Jess’s body slowly raised from the floor, until it was eventually floating off the ground. She looked down at me, and I noticed how her eyes were now completely mossy green.
“I would be doing the world a favor if I killed you right here, no one would have to deal with you being a parasite ever again.”
She lurched at me, grabbing a hold onto my neck. I gasped for air but to no avail, scratching at her wrists for a chance to breath. This only made her tighten her grip, causing the blood to rush towards my face. My hand scrambled, finding the lamp on our bed side table and slamming it into Jess’s head. She screeched, letting go of my throat. Thinking fast, I took the chance to once again push her off, but this time she caught herself on the wall, levitating with one hand on it. While I gasped for air, I slowly watched as she melted into the surface. Her body liquifying and covering the area with a dark red spot. I felt like throwing up, uncertain as to what on earth was happening. The spot grew rapidly, until it covered the entire room with a fleshy, meat like substance. I ran outside the room, sprinting towards the front door, but as my fingers fell on the cold brass knob, a tentacle like appendage emerged from the bedroom and wrapped itself around my ankle, pulling me onto the floor. I kicked at it, managing to loosen its hold, and this time made a run for the safe in our spare bedroom, where I had kept a revolver. The walls were now rapidly being consumed by the flesh, until every surface was completely hidden. I backed into the closet door, and sat with the loaded gun in my hand. The wall in front of me started to pulsate, twisting and turning until it formed the familiar face of Jess.
“You really think you can run from me?”
I stared at her, trying to wrap my head around what was happening,
“What the fuck is going on??? Why are you doing this???”
Tears streamed down my face, dread grasping my soul. Jess only stared back at me, a wide grin plastered ear to ear.
“Because… I think you’re a stain.”
The face lunged at me, a long bloody neck following behind it. I dodged the attack, managing to point the gun at it, and pulling the trigger. A loud bang resonated, causing my ears to ring in agony. When I opened my eyes, Jess laid on the floor, blood pouring from her temple. I quickly dove forwards, scooping up her body into my arms.
“What…what have I done…no, no, NO, NO.”
I pushed her face into my chest and sobbed violently.
“Hey…”
A soft voice whispered.
“JESS… I… wait hold on… I’m calling an ambulance.”
I reached for my phone, but she quickly stopped me,
“No…hush…there’s not enough time.”
She sounded weak, every syllable fought to make it out of her mouth.
“Listen…whatever happened, that wasn’t me…okay. I don’t know what’s happening to me…”
I brushed the hair off her face, caressing her cheek,
“I know… I know it wasn’t…you would never hurt me…”
I could see the corners of her mouth lift, forming a weak smile, somehow managing to comfort me.
“I love you so much…so, so, so much.”
“I love you too…”
I replied between sobs.
“Promise me…promise me you’ll let yourself live Tony… Just because I can’t…doesn’t mean you shouldn’t…”
I stared at her for a moment, wondering how even in death I was her first thought…
“Of course Jess… Of course… I promise… anything for you…”
“Good…”
I watched her take a final breath, before her head fell limply to the side.
Jess passed away in my arms, the cause of death being given as cancer. The wound from where I had shot her had filled up, but I know for a fact it hit her.
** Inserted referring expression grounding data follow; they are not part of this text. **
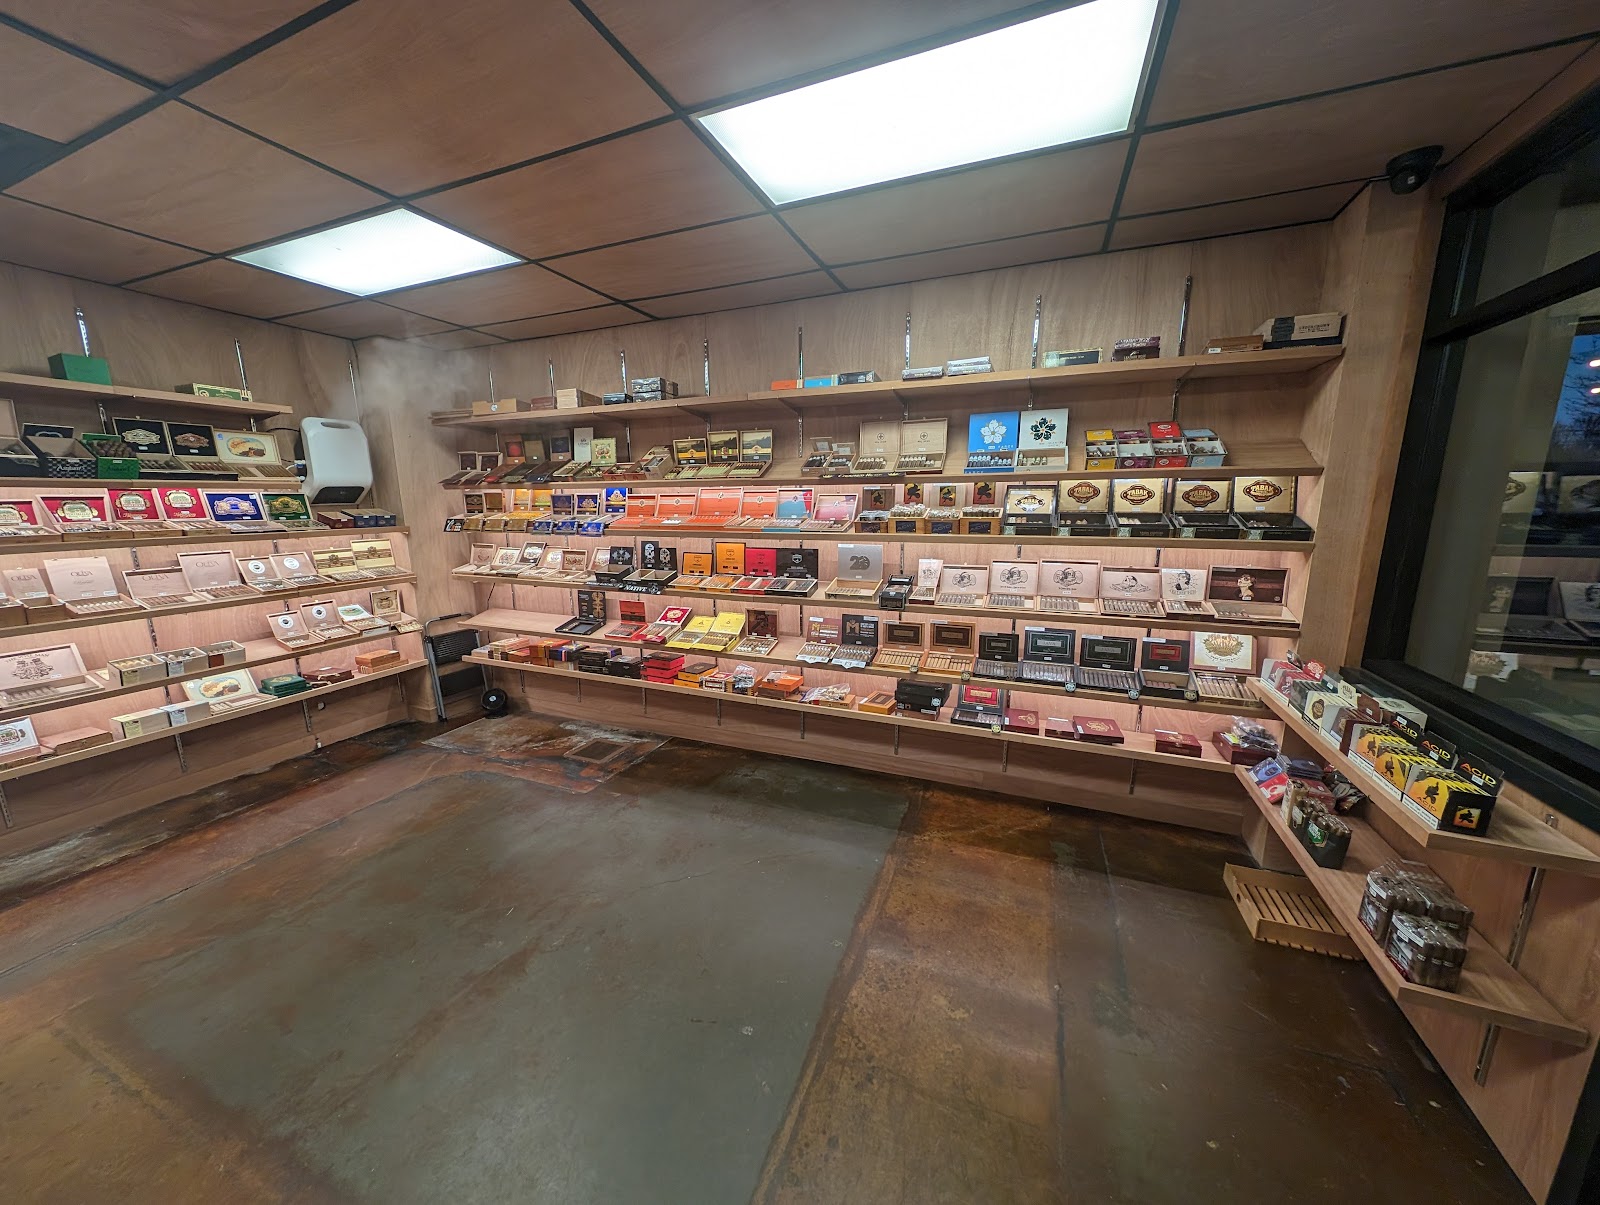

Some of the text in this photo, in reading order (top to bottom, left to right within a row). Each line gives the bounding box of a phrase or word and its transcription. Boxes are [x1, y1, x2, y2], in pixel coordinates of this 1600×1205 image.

[1189, 489, 1212, 497] TABAK
[1250, 484, 1274, 492] TABAK
[195, 560, 220, 568] OLIVA
[10, 574, 37, 582] OLIVA
[1392, 720, 1418, 737] ACID
[1422, 740, 1451, 759] ACID
[1460, 762, 1497, 785] ACID
[1416, 796, 1437, 812] ACID
My fully loaded revolver was missing a bullet. I never brought up what happened, to everyone else she had died peacefully in her sleep, but I know the truth, and it eats me.
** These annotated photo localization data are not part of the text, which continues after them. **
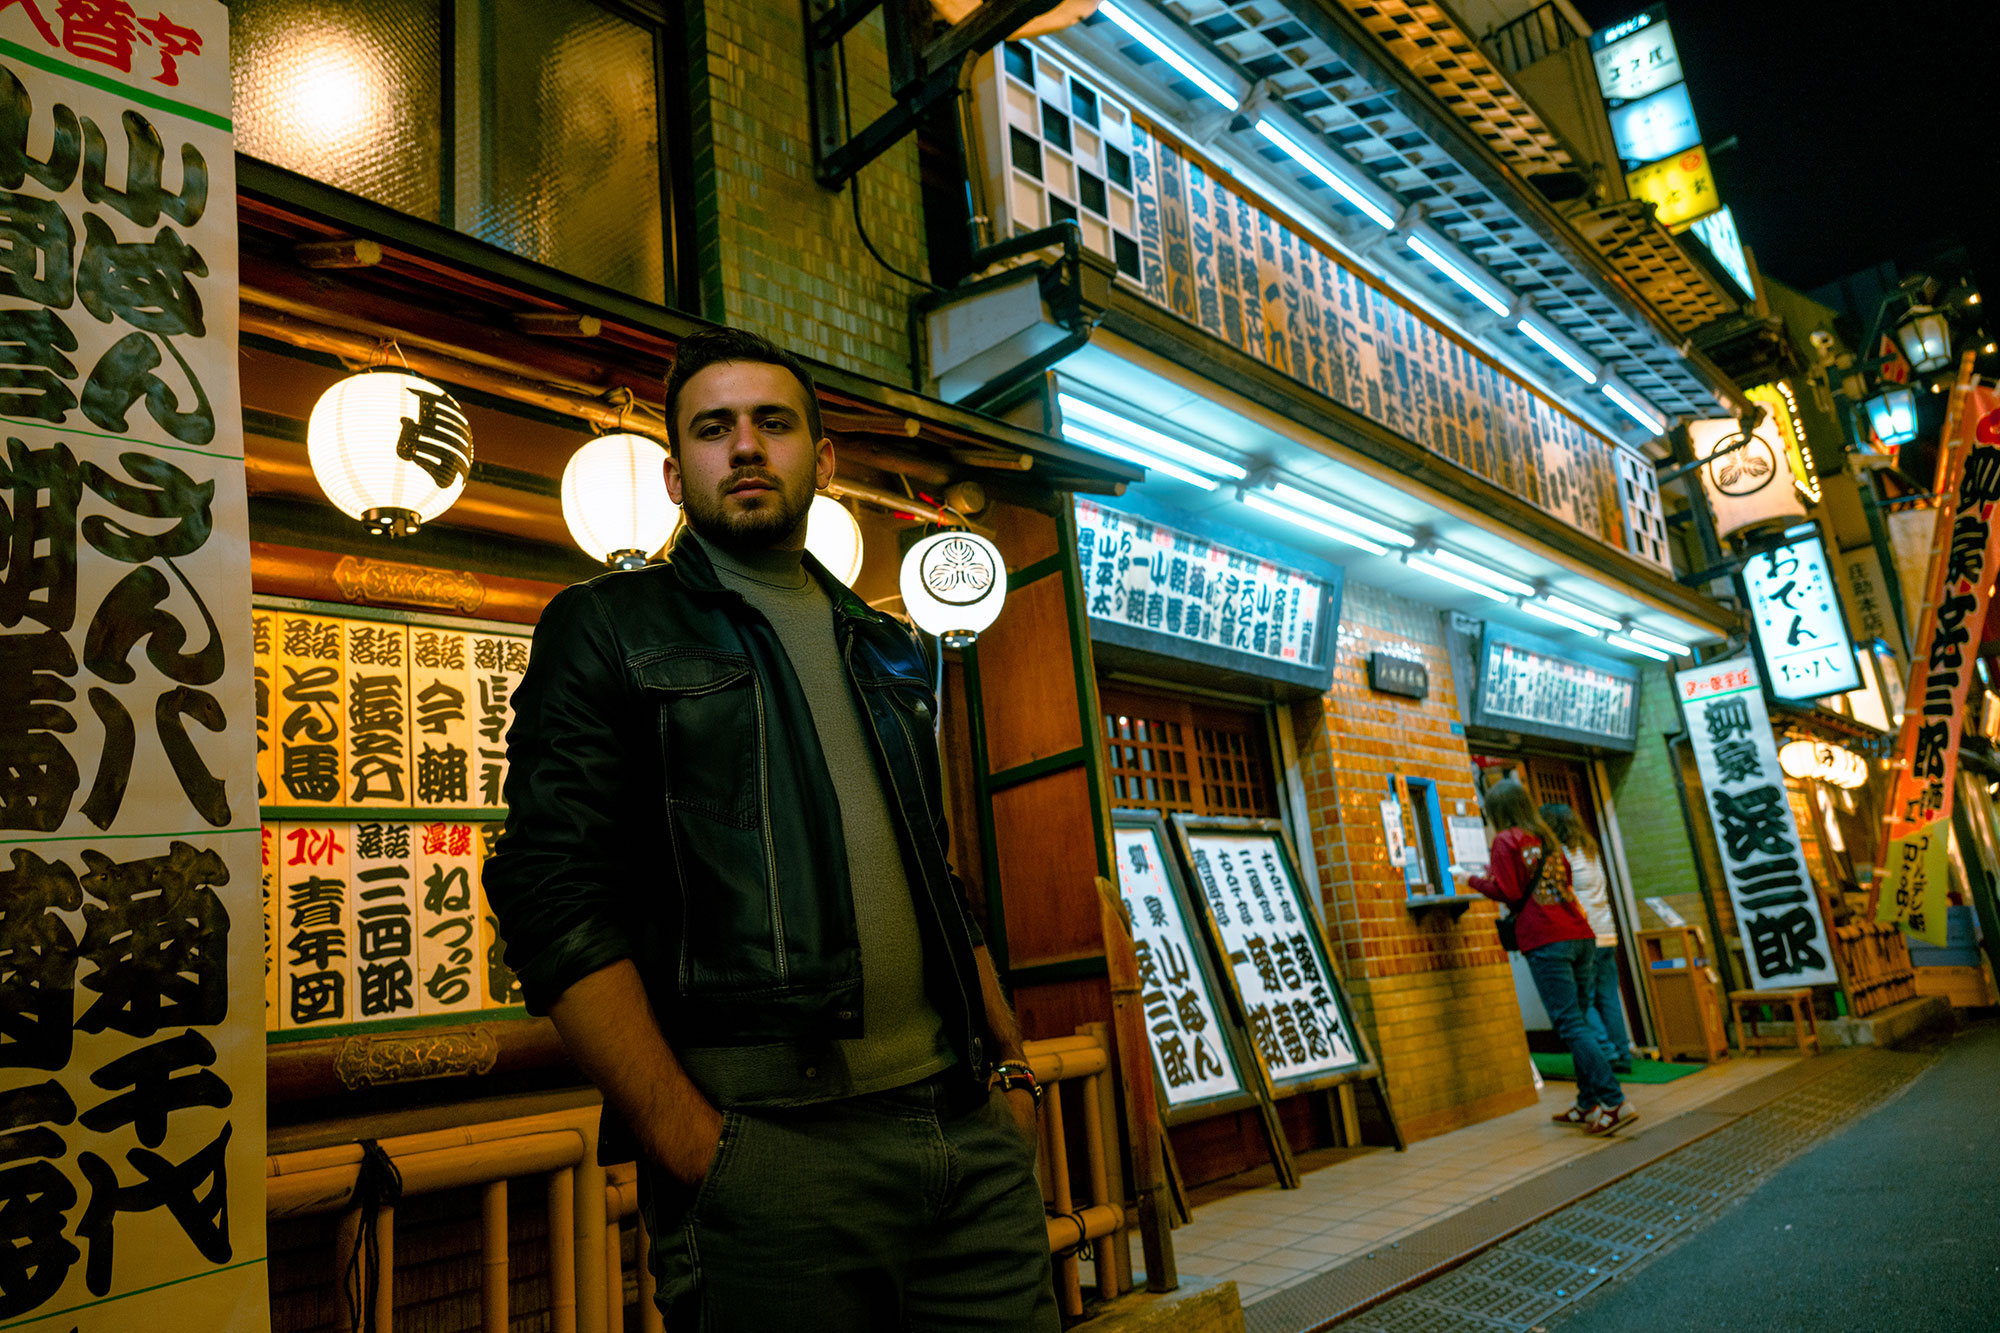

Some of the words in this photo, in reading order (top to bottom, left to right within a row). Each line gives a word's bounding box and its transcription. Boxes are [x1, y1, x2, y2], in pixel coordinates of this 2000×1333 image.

[1763, 545, 1818, 646] おでん
[282, 618, 341, 661] 落語
[348, 626, 403, 668] 落語
[413, 631, 466, 671] 落語
[281, 665, 341, 803] とん馬
[355, 823, 411, 860] 落語
[421, 822, 472, 857] 漫談
[287, 875, 347, 1025] 青年団
[357, 864, 413, 1017] 三四郎
[423, 862, 474, 1005] ねづっち
I still live in the same apartment, though it is a lot less of a home without Jess. Keeping up with my promise, I go out with friends as much as I can. Recently joining a film club where I share our passion of old cinema with many other people. Though, losing Jess is a void that I have had to accept as unrepairable. I still feel her sometimes, shuffling next to me when I sleep. Knowing that she’s still around, looking after me, may be just enough to keep me going.